第25話 ペトログラードの会合
1908年7月2日 ロシア帝国 ペトログラード
開戦に伴ってペトログラードと改称された、サンクトペテルブルグにある一見目立たない屋敷に3人の人間が集まっていた。一人はどこにでもいそうな男。もう一人は一目で聖職者と解る格好の男。そして最後は見るからに怪しい男だった。
「遅くなりました」
「いつもの治療か、君の評判は余り宮廷内でよろしくないと聞くが、大丈夫かね」
「まあまあ、神父様、我々にとって唯一の足掛かりは彼なのですから」
見るからに怪しそうな男、ロシア帝国宮廷で祈祷師として皇太子の治療にあたっているグレゴリー-エフィモヴィチ-ラスプーチンが遅れた事に対する謝罪を口にすると、聖職者の格好をした男、ペトログラードの司祭にして労働者の権利保護を目的とする組織の指導者、ゲオルギー-アポロヴィチ-ガボンが胡散臭いものを見るよう目で見ながらラスプーチンを問い質し、それをどこにでもいそうな男、表向きは社会革命党の幹部だが、実は内務省のスパイであるエヴノ-フィシェレヴィチ-アゼフが宥めた。

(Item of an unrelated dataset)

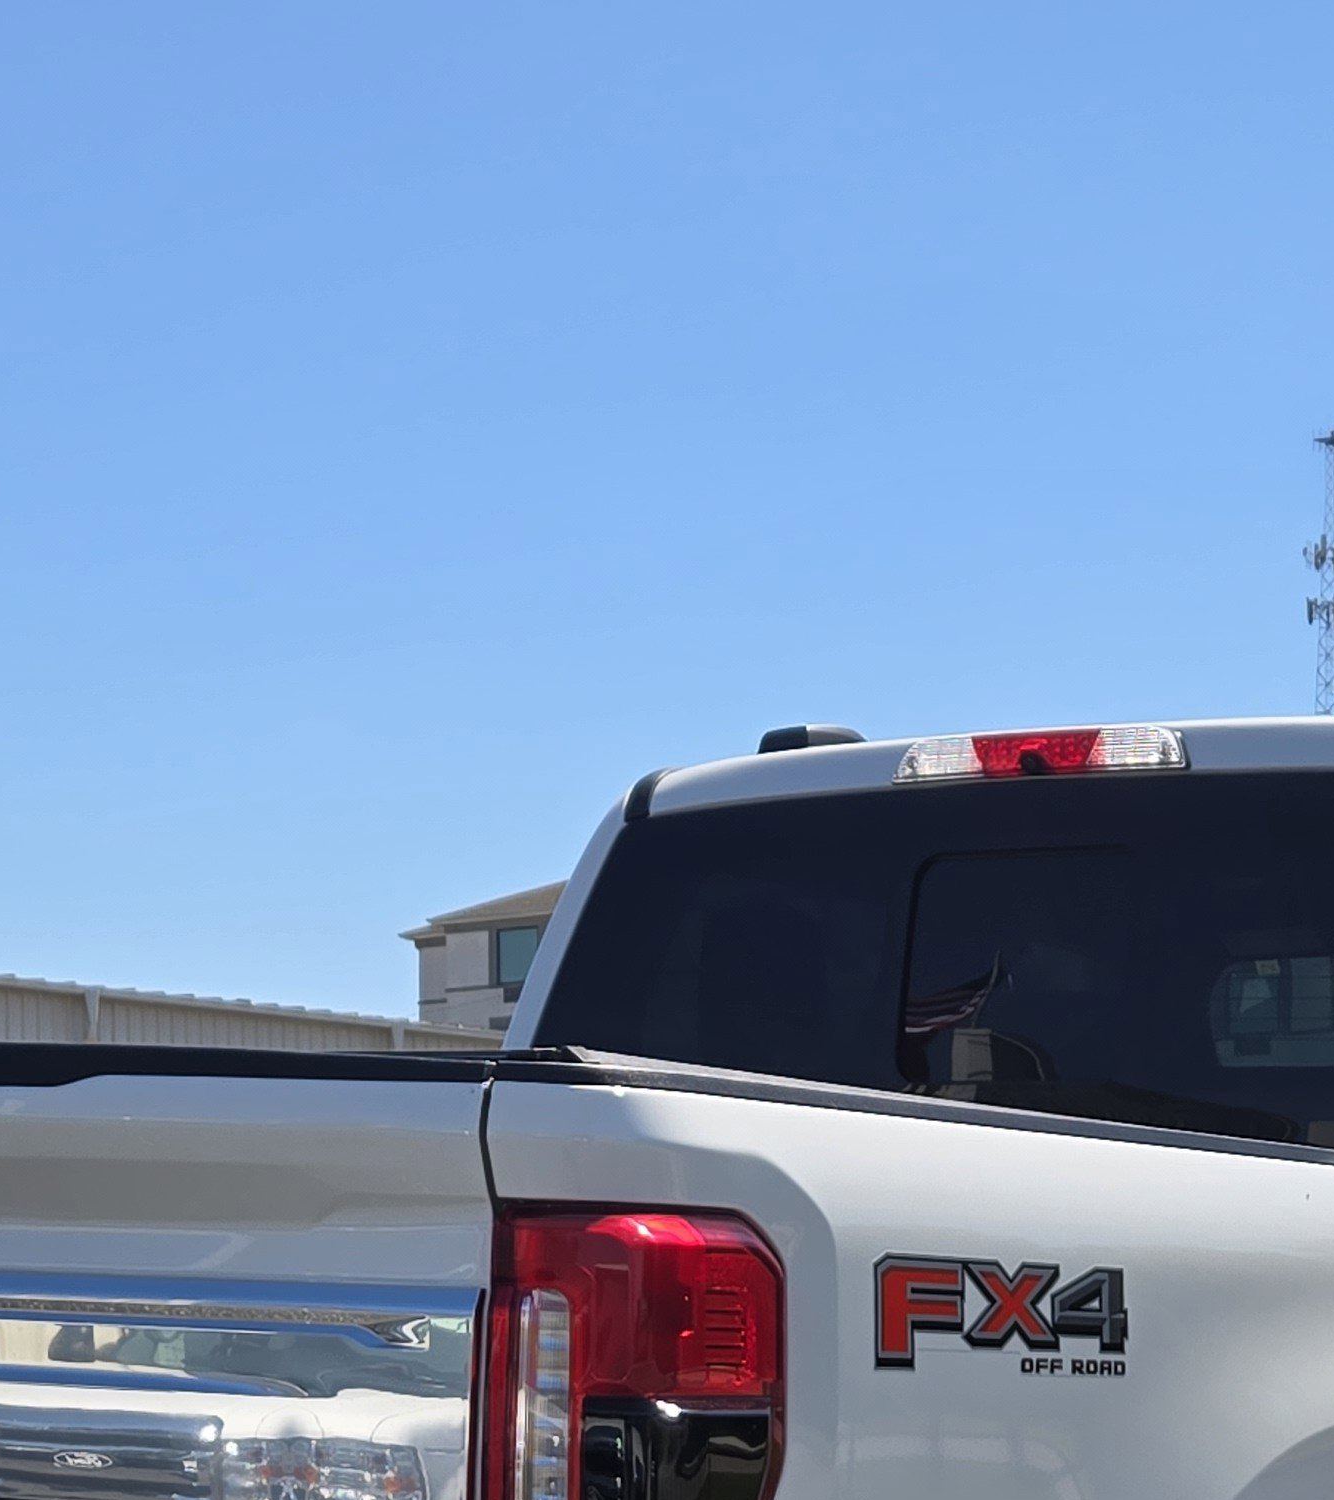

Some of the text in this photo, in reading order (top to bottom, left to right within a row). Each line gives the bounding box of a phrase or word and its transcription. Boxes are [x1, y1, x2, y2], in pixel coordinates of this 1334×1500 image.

[873, 1251, 1128, 1371] FX4
[1020, 1357, 1127, 1377] OFF ROAD

彼ら3人がなぜここに集まっているかといえば、ロシア帝国の体制側からの改革を成すためだった。
ロシア帝国では戦争が長引くにつれて、社会民主労働党主導のデモやストライキ、サボタージュが横行し、特に社会民主労働党左派、通称ボリシェヴィキと呼ばれたレーニンを中心とした一派は革命の実行を訴え、各地で蜂起を行なっていた。
しかしながら、ロシア帝国ではこうした現状に対し全く危機感が無かった。かつてのナロードニキと同様に力で押さえつければ収まるだろう、と。
そのため、普段から労働者や活動家たちと接触して、強い危機感を共有していたガボンとアゼフは皇帝の信頼の篤いラスプーチンに接触し、皇帝ニコライ2世に対し改革を訴えようと考えていた。
「それで、具体的にはどうするのですかな」
「取りあえずは国会の開設が一つ、次に各地の労働者の組織化もちろんこれは社会民主労働党を極力排除する、最後に一定程度の土地改革だな」
「ドイツ帝国式の社会保障制度もアメとしては最適かと」
「なるほどわかりました。しかし私はあまり前面には出られない立場です。それとなく進言はしますが、改革は行なうにしても、この戦争が終ってからになりましょう」
その言葉を聞いてガボンとアゼフは深いため息をついた。いつ終わるかなど予想がつかなかったからだ。
現在、戦線は北はラトビアからドニエプル川に沿う形で、南はオデッサの前面までの線にまで後退していた。
ドイツ帝国も海上封鎖によって追いつめられていたため、それ以上の進撃はできずにこの線で戦線は膠着していたが、守るロシア側も苦しく攻勢を行う事ができずにいた。
当初は、フランスがドイツの攻撃を受け止め、ロシアが後ろから殴りかかるはずだったのが、この頃になるとロシアは自らが受け止めている間にフランスが西部戦線で劇的な突破を行う事を期待するようになっていた
余裕のなかったフランスはロシア側の提案を拒否し、ここに両国の関係に亀裂が入り始めていた。これを見たベルギー、オランダ両政府はイギリスやイタリアといった中立の国々に講和の仲介を依頼し自分たちだけでもこの戦争から抜け出そうとしたがドイツはロッテルダムやベルギー領コンゴの割譲、オランダ領東インドでの利権の一部譲渡といった条件を提示してきたため、講和の申し出は白紙に戻っていた。
しかし、転機とは思いもよらない時にこそ訪れるものである。
彼ら3人が会合をした翌日、ついにオデッサ市内にドイツ軍が突入し東部戦線最大の市街戦が幕を開けたのだった。オデッサを制圧しようとするドイツ軍とそれを阻止しようとするロシア軍との間で激しい戦いが繰り広げられた。
この事態にロシア政府内部でも講和論が囁かれ始め、それを見たフランス政府はロシアの離脱を阻止すべく軍に対して速やかなドイツ軍に対する攻勢作戦の実施を要請した。
第一次世界大戦の終わりは目前だった。